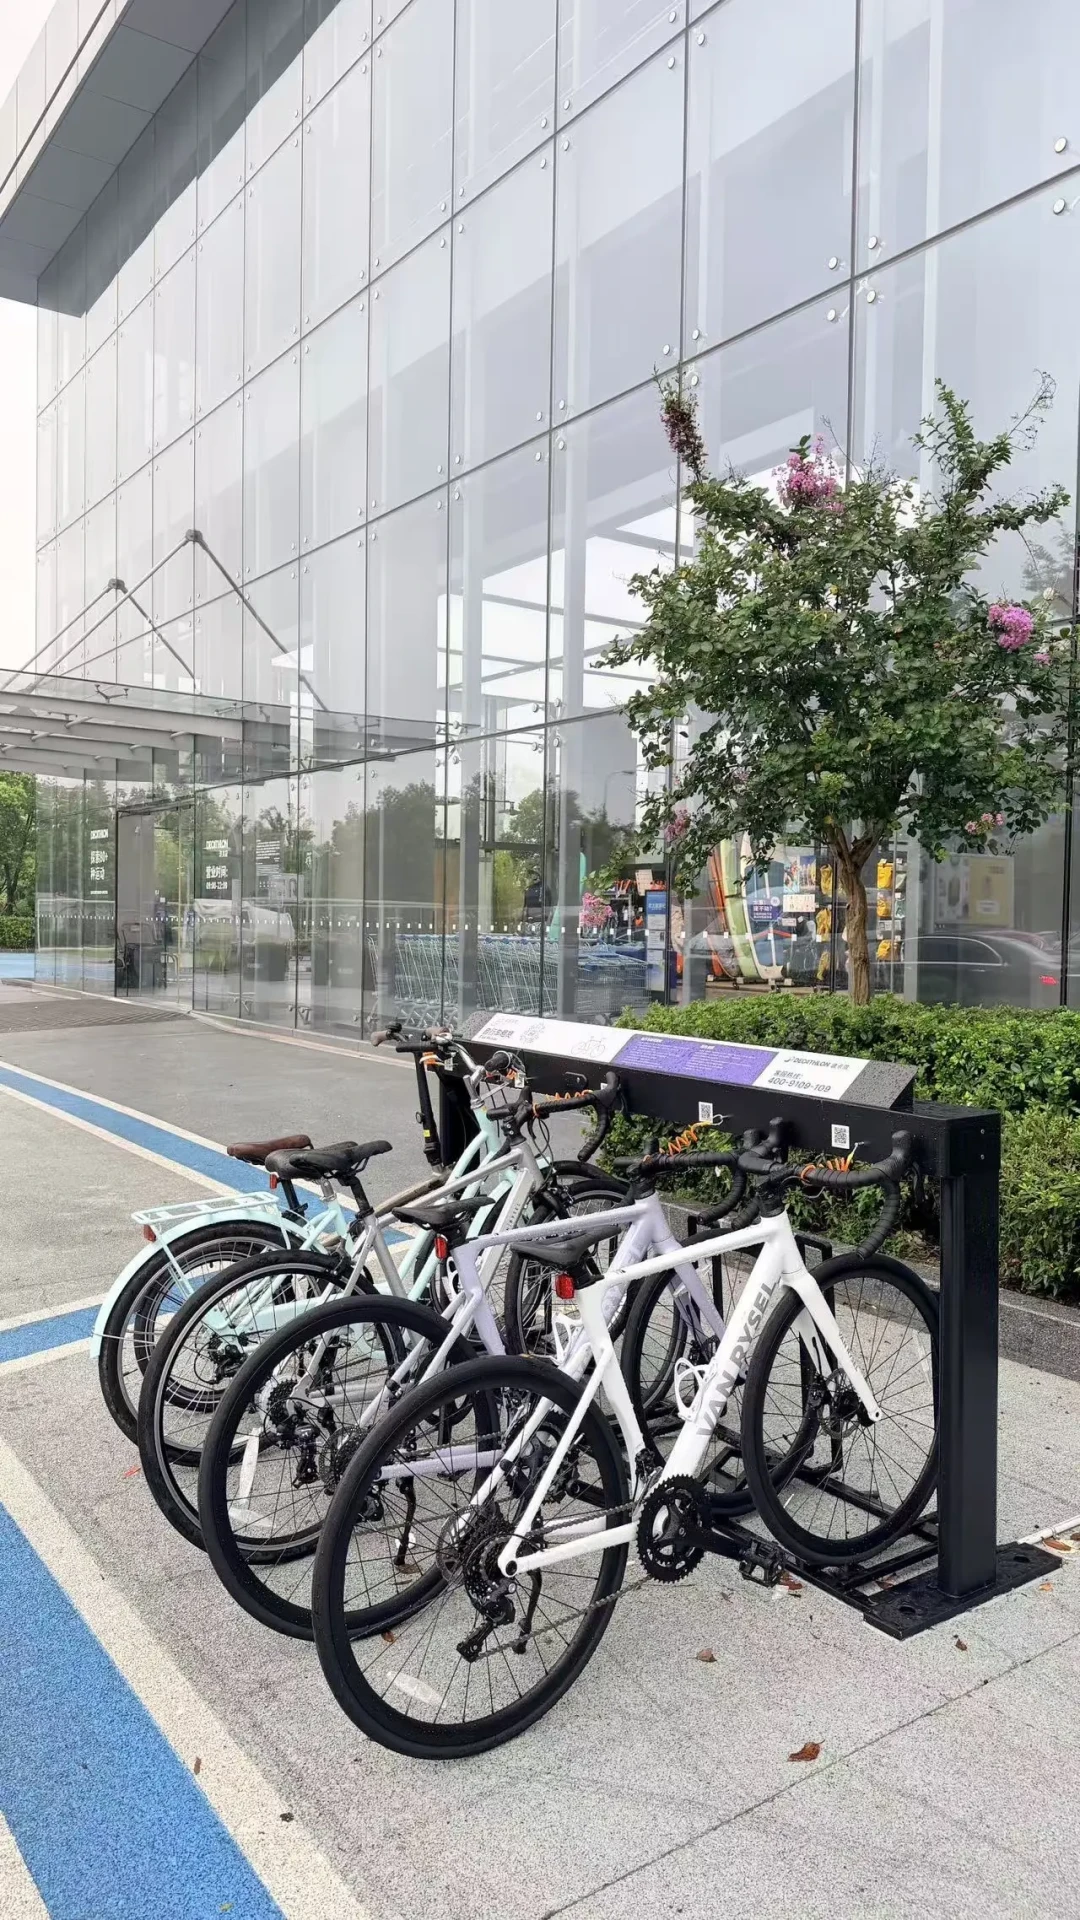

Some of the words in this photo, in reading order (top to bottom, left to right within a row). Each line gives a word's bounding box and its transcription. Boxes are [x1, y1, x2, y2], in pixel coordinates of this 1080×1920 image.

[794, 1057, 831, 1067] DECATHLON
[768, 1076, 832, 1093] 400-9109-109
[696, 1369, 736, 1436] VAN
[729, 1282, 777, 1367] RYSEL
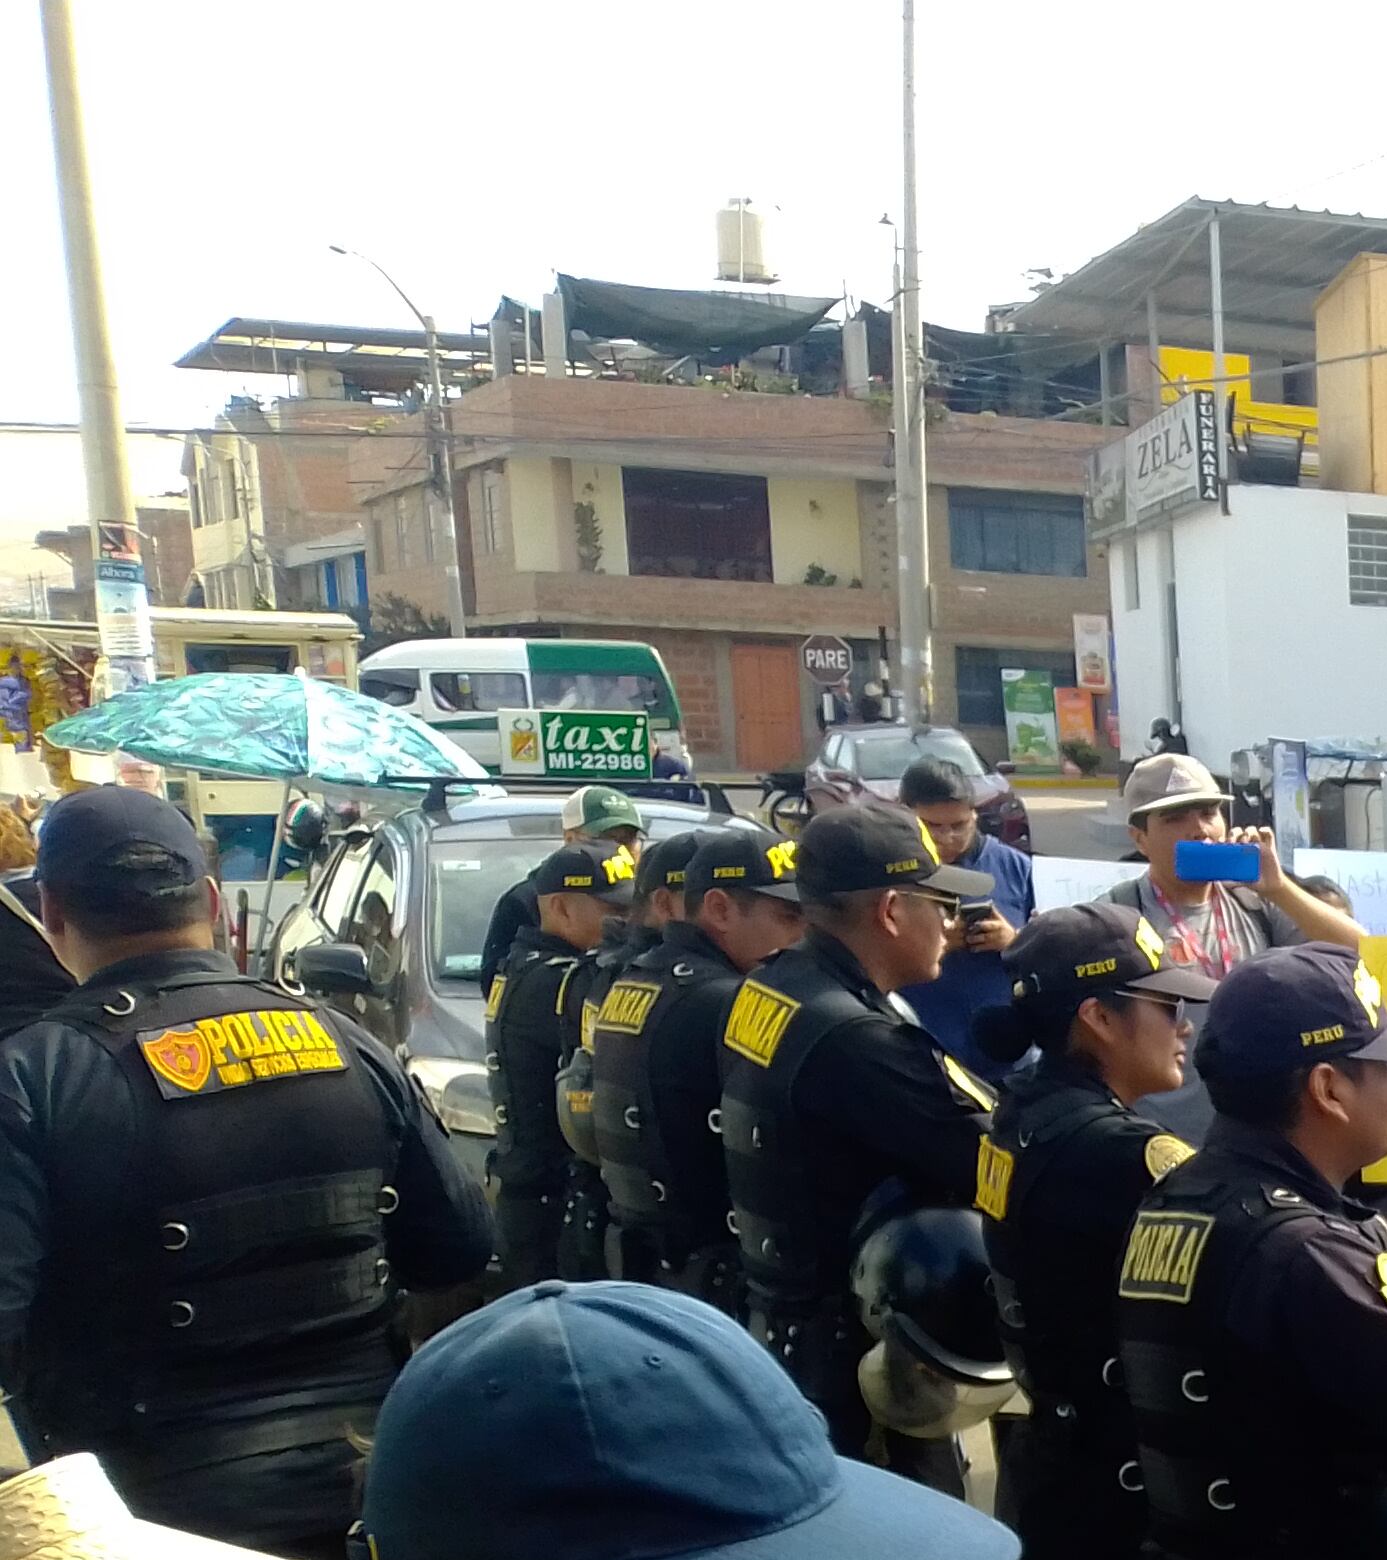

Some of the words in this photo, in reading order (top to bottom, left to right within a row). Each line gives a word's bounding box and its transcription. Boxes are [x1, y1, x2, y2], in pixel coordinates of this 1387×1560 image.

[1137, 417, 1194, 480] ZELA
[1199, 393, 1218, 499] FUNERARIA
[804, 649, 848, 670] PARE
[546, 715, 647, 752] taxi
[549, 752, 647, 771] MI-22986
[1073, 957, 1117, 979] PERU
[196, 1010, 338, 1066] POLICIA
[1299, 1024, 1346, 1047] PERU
····················
**EXERCISE DESCRIPTION**
Could you reproduce, exactly as written, the lines running from the one with "this 1387×1560 image." to the end of the entries above?

**REPLY**
Some of the words in this photo, in reading order (top to bottom, left to right within a row). Each line gives a word's bounding box and its transcription. Boxes are [x1, y1, x2, y2], in pixel coordinates of this 1387×1560 image.

[1137, 417, 1194, 480] ZELA
[1199, 393, 1218, 499] FUNERARIA
[804, 649, 848, 670] PARE
[546, 715, 647, 752] taxi
[549, 752, 647, 771] MI-22986
[1073, 957, 1117, 979] PERU
[196, 1010, 338, 1066] POLICIA
[1299, 1024, 1346, 1047] PERU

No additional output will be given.